Where will he land?
By Michael Friscolanti - Thursday, November 26, 2009 - 6 Comments
Omar Khadr may well make it back to Canada. Then what?
The exact timeline is still sketchy, but at some point in the coming weeks, a blindfolded Omar Khadr will be escorted out of his jail cell, shackled at the wrists and ankles, and carried onto a military cargo plane. Though he won’t have the pleasure of witnessing it with his own eyes, Guantánamo Bay, Cuba—Khadr’s prison for the past seven years, beginning at the tender age of 16—will disappear into the distance within a matter of minutes.

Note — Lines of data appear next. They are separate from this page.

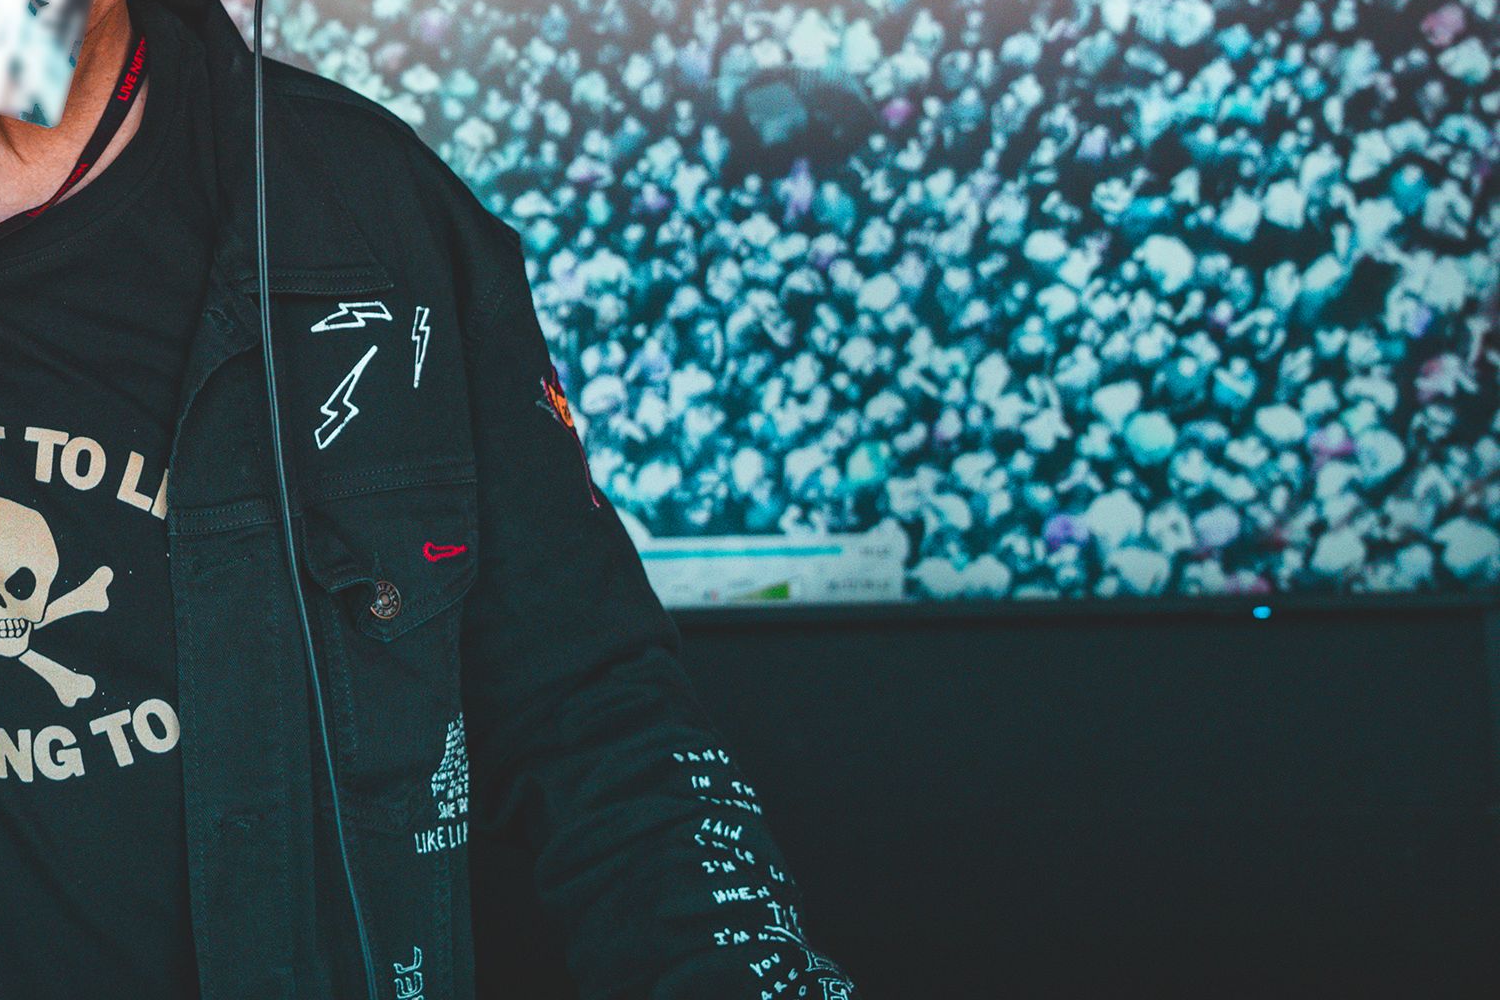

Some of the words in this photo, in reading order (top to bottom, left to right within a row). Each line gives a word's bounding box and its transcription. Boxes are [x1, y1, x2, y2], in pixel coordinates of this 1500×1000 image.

[117, 74, 137, 101] LIVE
[24, 426, 107, 491] TO
[89, 698, 181, 768] TO
[691, 775, 711, 789] IN
[414, 826, 446, 853] LIKE

Where he will land is still a mystery. The White House announced last week that the 23-year-old is slated to face a military commission—somewhere on U.S. soil—for his alleged war crimes, including the murder of an American soldier in Afghanistan. Yet in the very same breath, Barack Obama’s attorney general left open the possibility that Khadr, a Canadian citizen, could be transferred to his home country before a trial ever begins. Fuelling such speculation is a separate hearing in front of the Supreme Court of Canada, which must decide, once and for all, whether Stephen Harper should be forced to at least ask the Americans to repatriate Khadr. The legal arguments are complex, but at the heart of the case is a growing sense that if the Prime Minister simply asked for his release, Washington would happily oblige.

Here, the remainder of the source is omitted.